Editors Dispatch:--Since much has been said and written about the management and managers of the hospital at Culpeper Court-House, Va, we, through a sense of justice due the Surgeon in charge of said hospital and his subordinates, have concluded to give you, for the benefit of those having friends and relations there, as graphic and as correct a statement of unpublished facts as we can. It has been our fortune to have as good opportunity of knowing of its management as any who have hitherto visited it. While some, through your columns, have reported favorably of its managers, others have been pleased to report most unfavorably. We know not what their motives may have been, but to us such misrepresentations have the appearance of an under ground and a malicious work. But, let that be as it may, the sin must fall upon their own heads; and the chief of that hospital will stand a living monument against all such fabrications.

The hospital buildings are eight in number, six of which are two hundred feet long, weatherboard and celled; each having in its centre a chimney with two large fire-places, and each end supplied with a large stove. The two other buildings are one hundred and fifty feet long and equally as comfortably warmed. All are sufficiently ventilated from the top by means of well-constructed ventilators. These are each capacity to comfortably bed from 60 to 75 men, and the former six one hundred each, making an aggregate of 750 to 800 men nearly and comfortably bedded.

The strictest imaginable attention is paid to cleanliness, both in and outside of the hospital. Every necessary means have been provided to keep the ground and wards clean and placed under the control of a general steward, Mr. Taylor, who is untiring in his efforts to make himself equal to the duties that devolve upon him.
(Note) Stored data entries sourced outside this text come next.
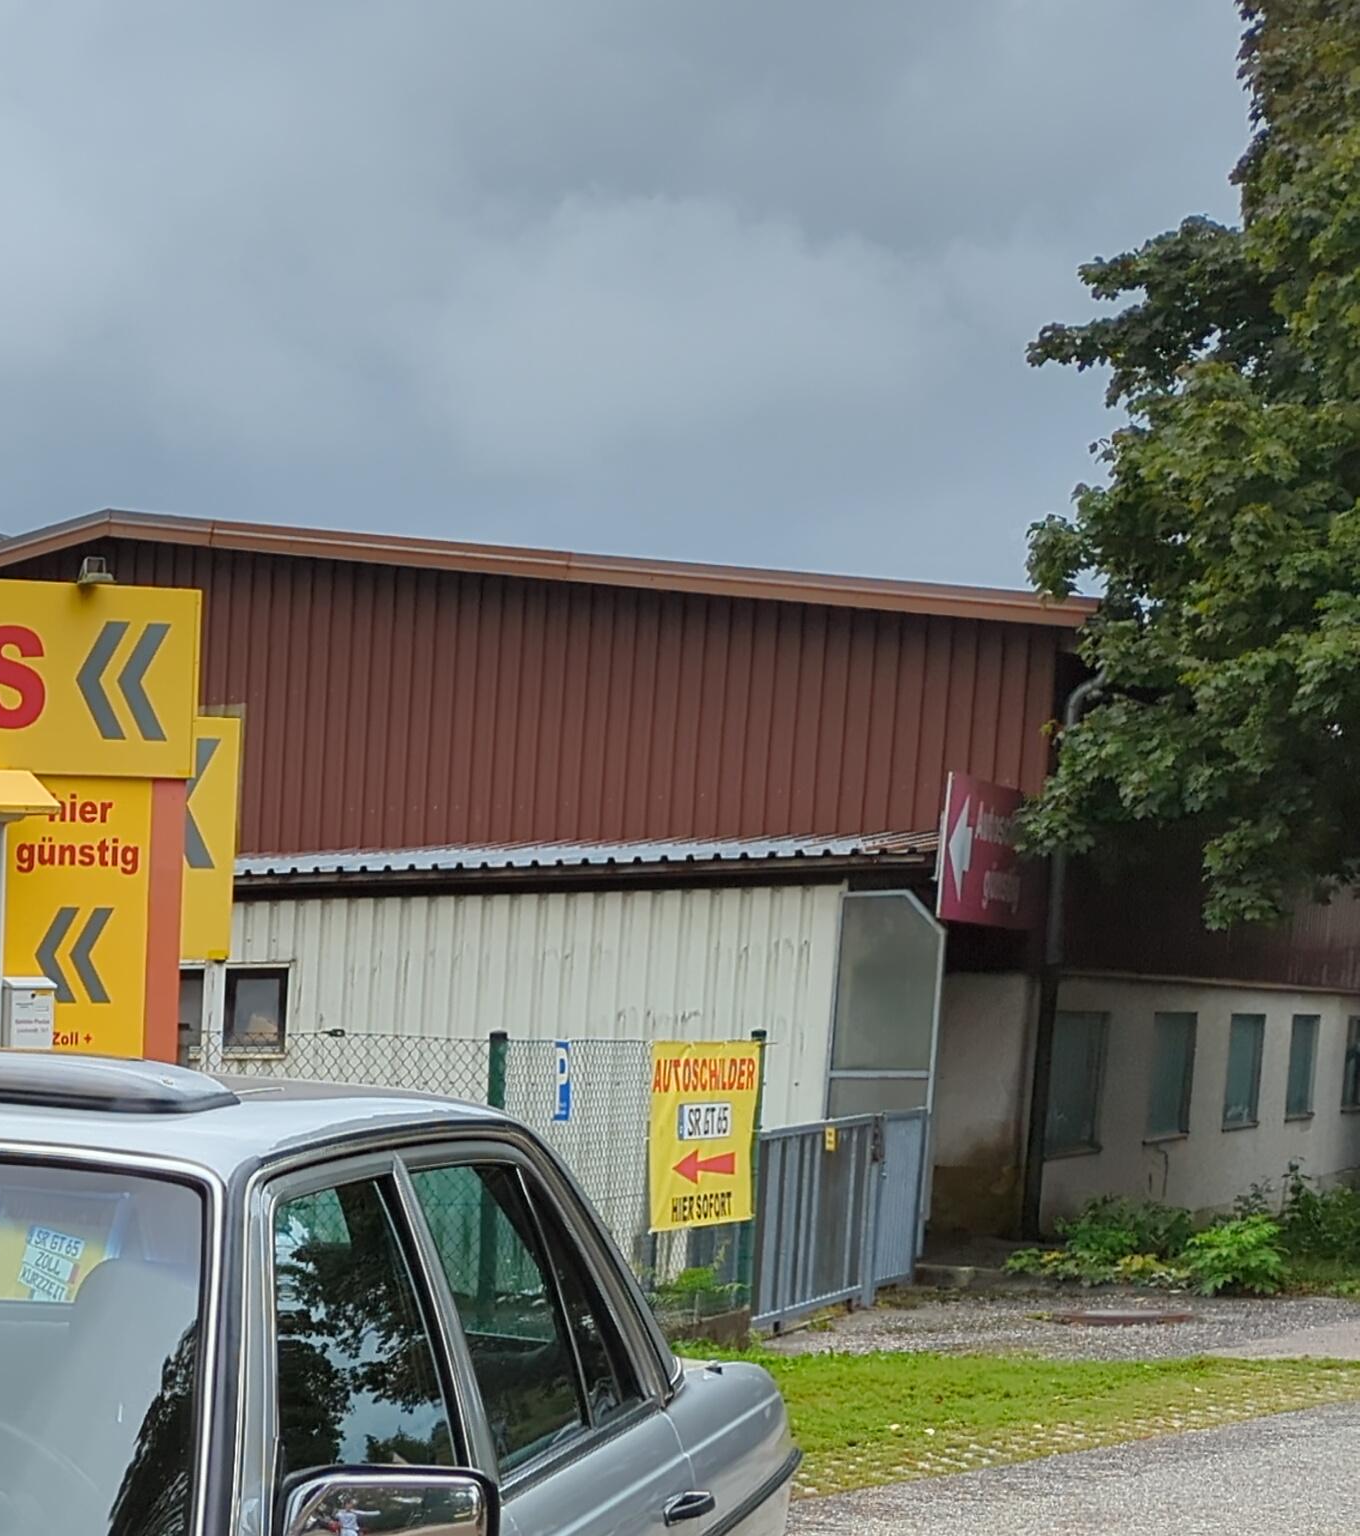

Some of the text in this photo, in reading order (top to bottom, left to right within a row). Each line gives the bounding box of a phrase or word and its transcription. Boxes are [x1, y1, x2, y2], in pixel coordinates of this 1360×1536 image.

[15, 836, 140, 876] günstig
[52, 1031, 79, 1046] Zoll
[652, 1056, 757, 1094] AUTOSCHILDER
[687, 1106, 730, 1137] SR GT 65
[671, 1190, 733, 1223] HIER SOFORT
[34, 1229, 82, 1257] SR GT 65
[34, 1251, 61, 1276] ZOLL
The hospital is laid off in divisions first and second; and each division subdivided into wards. A surgeon is assigned to each division and an assistant to each ward. And to each ward, a ward master, nurse, and three or four servants.

So the First Division has been assigned to Surgeon Charles Kemper, of Woodville, Rappahannock county, Virginia. As a surgeon and physician he is of the first class, and for his untiring and unceasing efforts in giving aid and comfort to the sick and wounded, he has merited an undying name. He asks no higher honor than to comfort and apply a balm to a sick or wounded soldier. As a man, he is one of the most unpretending, unobtrusive, and unflinching gentlemen in our midst — kind, feeling, and attentive, with an ear ever open to hear the wants of the afflicted, and a hand ever outstretched to give. His assistants are attentive and prompt in performing the duties their position requires, each having his apportioned work. They are temperate, kind, and feeling, and at all times ready and willing to administer to the wants and necessities of the sick. In fact, he has an able and efficient corps of assistants.
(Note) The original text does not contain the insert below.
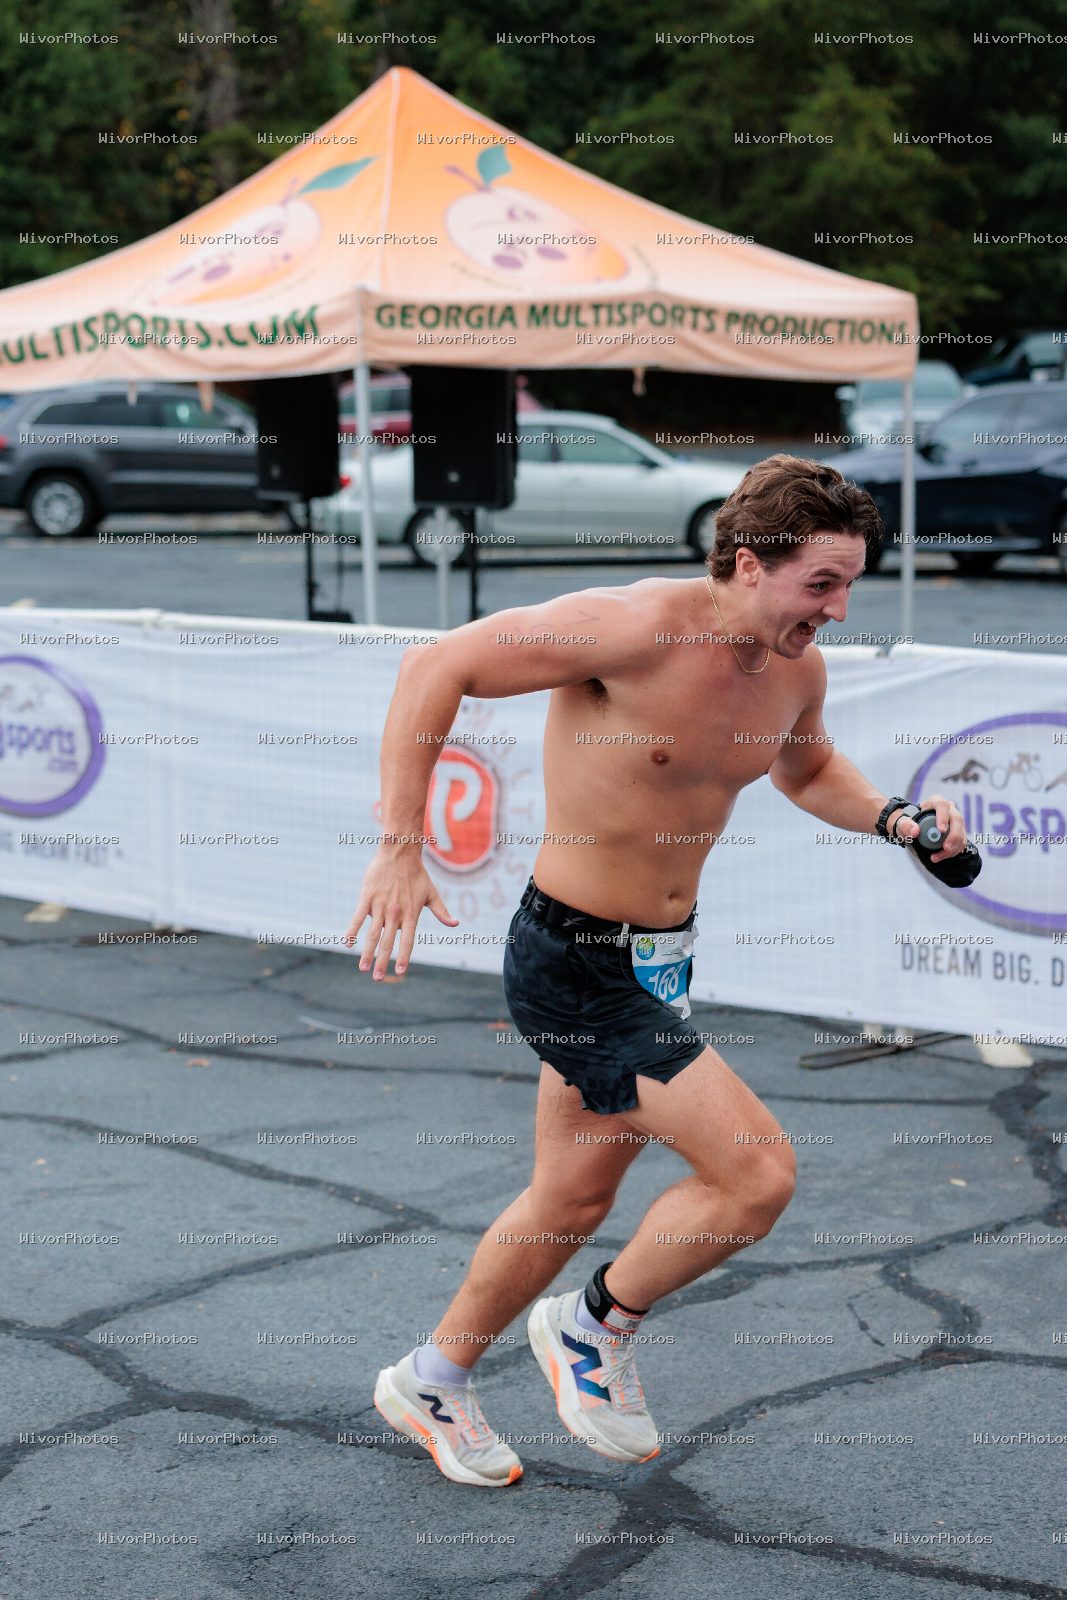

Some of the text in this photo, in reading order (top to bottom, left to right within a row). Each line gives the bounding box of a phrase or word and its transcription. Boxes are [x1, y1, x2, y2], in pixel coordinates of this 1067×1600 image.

To the second division is assigned a Surgeon from Wheeling, whose name is Houston. The corps of assistants belonging to the second division are equally as efficient, kind, feeling, temperate, and as much suited to the position they hold as those of the first division. One of them has had the experience of hospital practice in New York. He is a man of fine medical attainments, and just the man for the second division.

The sick are well fed! They not only have such "diet" as is allowed or provided for them, by the Confederate authorities, in the military and medical regulations, but many of the delicacies the county and town of Culpeper can furnish; and at no distant period, from the fund which is rapidly increasing, the sick and convalescent can be supplied with such diet as the Surgeons may require, and in such quantities as will serve the whole. Ten or twelve ladies are continually engaged in waiting upon the very sick, and preparing jellies, broths, soups, teas, and many other little articles of diet suited to the different stages of diseases.
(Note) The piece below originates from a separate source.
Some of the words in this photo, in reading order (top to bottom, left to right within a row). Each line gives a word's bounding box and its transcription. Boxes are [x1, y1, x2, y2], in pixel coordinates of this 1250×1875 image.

Surgeon D. S. Green has charge of the whole. He is a native of Culpeper county, and as near as we can judge is from 55 to 60 years old. In early life he received the appointment of Surgeon in the old Federal Navy, but when it become necessary for the South to dissolve her connection with the North, he too disclaimed loyalty to the hellish oligarchy, and came to the defence of his mother land. But when it was known he had resigned his position in the Federal Navy, he was at once commissioned Surgeon in the Confederate States Navy, and ordered to take charge of the Culpeper hospital. A better and more judicious selection could not have been made. As Surgeon and Physician, he is of the first order. As a man, he is a perfect gentleman. All know him but to respect and admire him. He, in managing the hospital, has systematized the whole, so that now all seems to work harmoniously together; and to the advantage of not only those concerned in its government, but to all who feel interested, directly or indirectly, in the comfort of the sick, as well as to those for whose comfort and aid it was established.

Those having friends and relations in the Culpeper Hospital, we think should console themselves with the knowledge that in surgeon Green their children, brothers, fathers, and friends, have a friend, protector, and Surgeon. He is ever ready and willing to contribute to the necessities of the sick or wounded — kind, feeling, and exceedingly attentive; and at no time does he fail to give friends and relations any information they may ask, either by letter or otherwise, concerning the sick in his charge.

Messrs. Editors, it may appear that, from the earnest manner in which I write, that we are partial to the Culpeper Hospital and managers. We are not; but wish to see facts go abroad instead of false impressions.

Madison, Nov. 21, 1861.Crigsersville.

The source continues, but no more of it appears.